*EXERCISE INSTRUCTIONS*:
Retype the records below exactly as they stand, omitting the pictures.

*INPUT DATA*:
· · ·
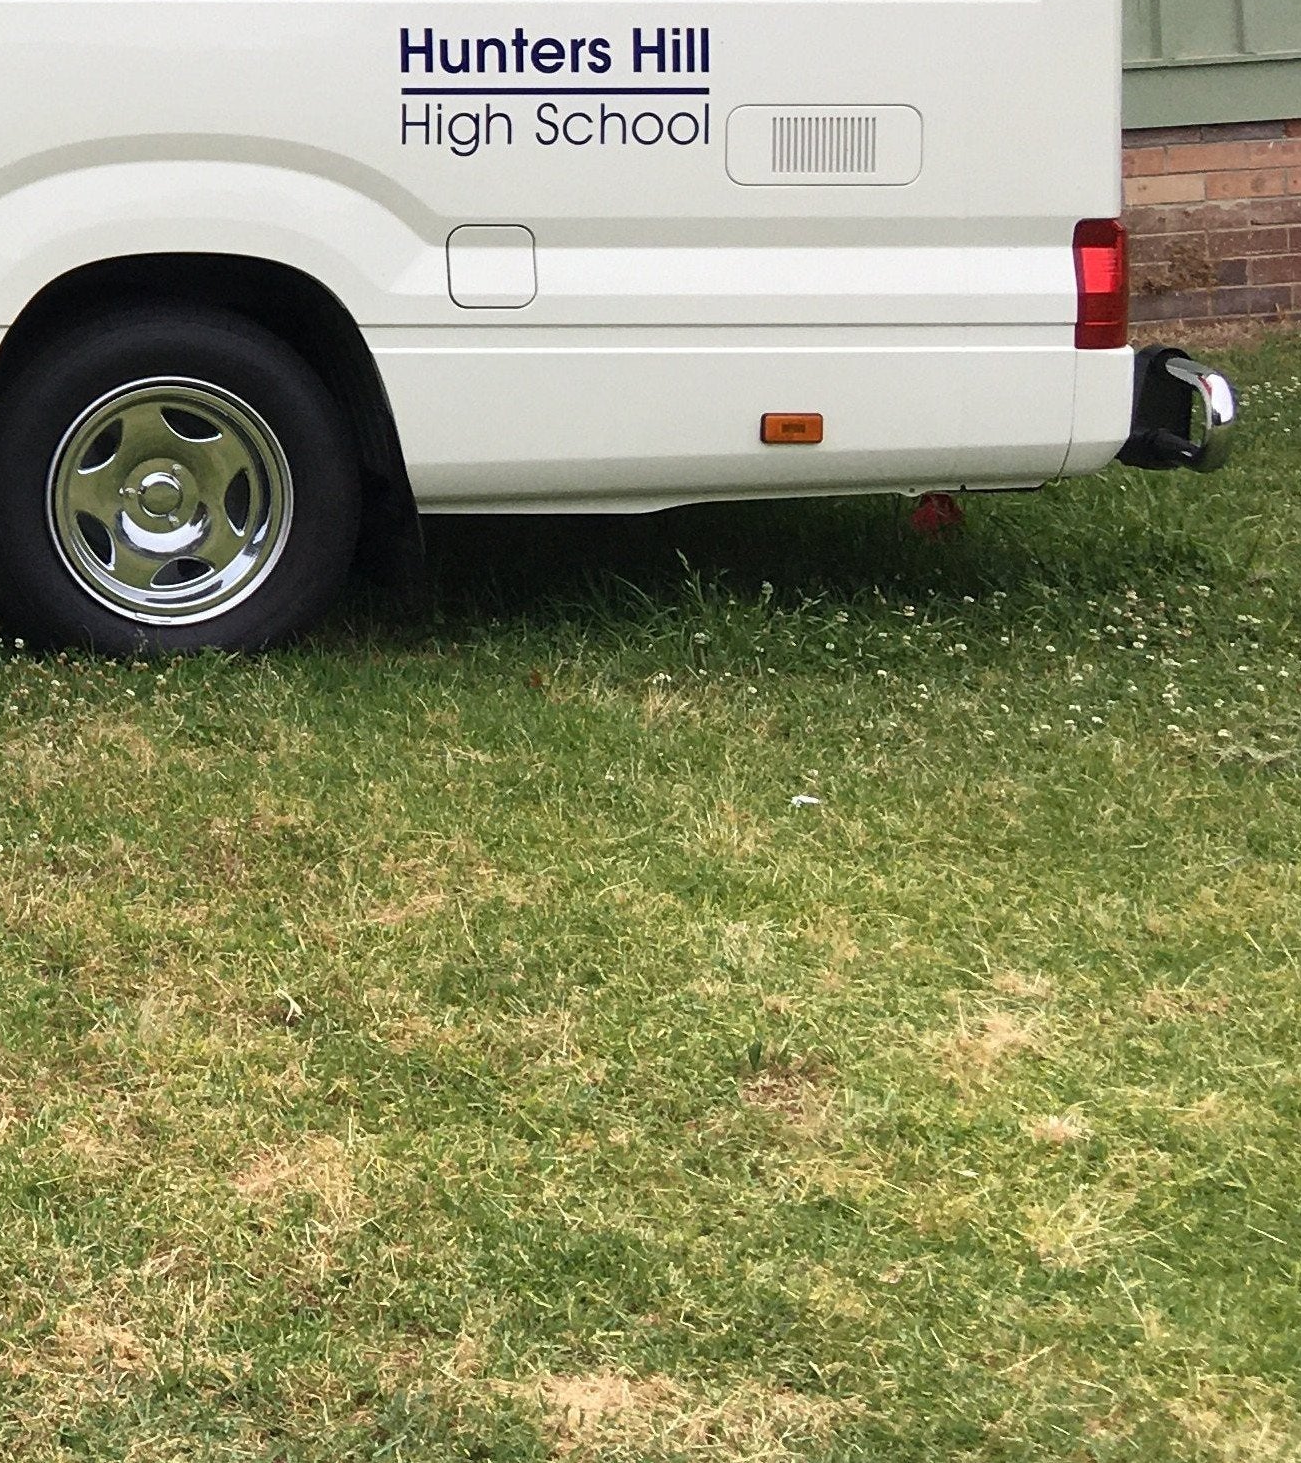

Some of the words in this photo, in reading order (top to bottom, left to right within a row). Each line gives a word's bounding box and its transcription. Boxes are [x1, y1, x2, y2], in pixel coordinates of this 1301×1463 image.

[401, 28, 611, 73] Hunters
[633, 28, 709, 72] Hill
[402, 103, 512, 156] High
[536, 103, 709, 145] School
· · ·
*WRITTEN ANSWER*:
Some of the words in this photo, in reading order (top to bottom, left to right within a row). Each line gives a word's bounding box and its transcription. Boxes are [x1, y1, x2, y2], in pixel coordinates of this 1301×1463 image.

[401, 28, 611, 73] Hunters
[633, 28, 709, 72] Hill
[402, 103, 512, 156] High
[536, 103, 709, 145] School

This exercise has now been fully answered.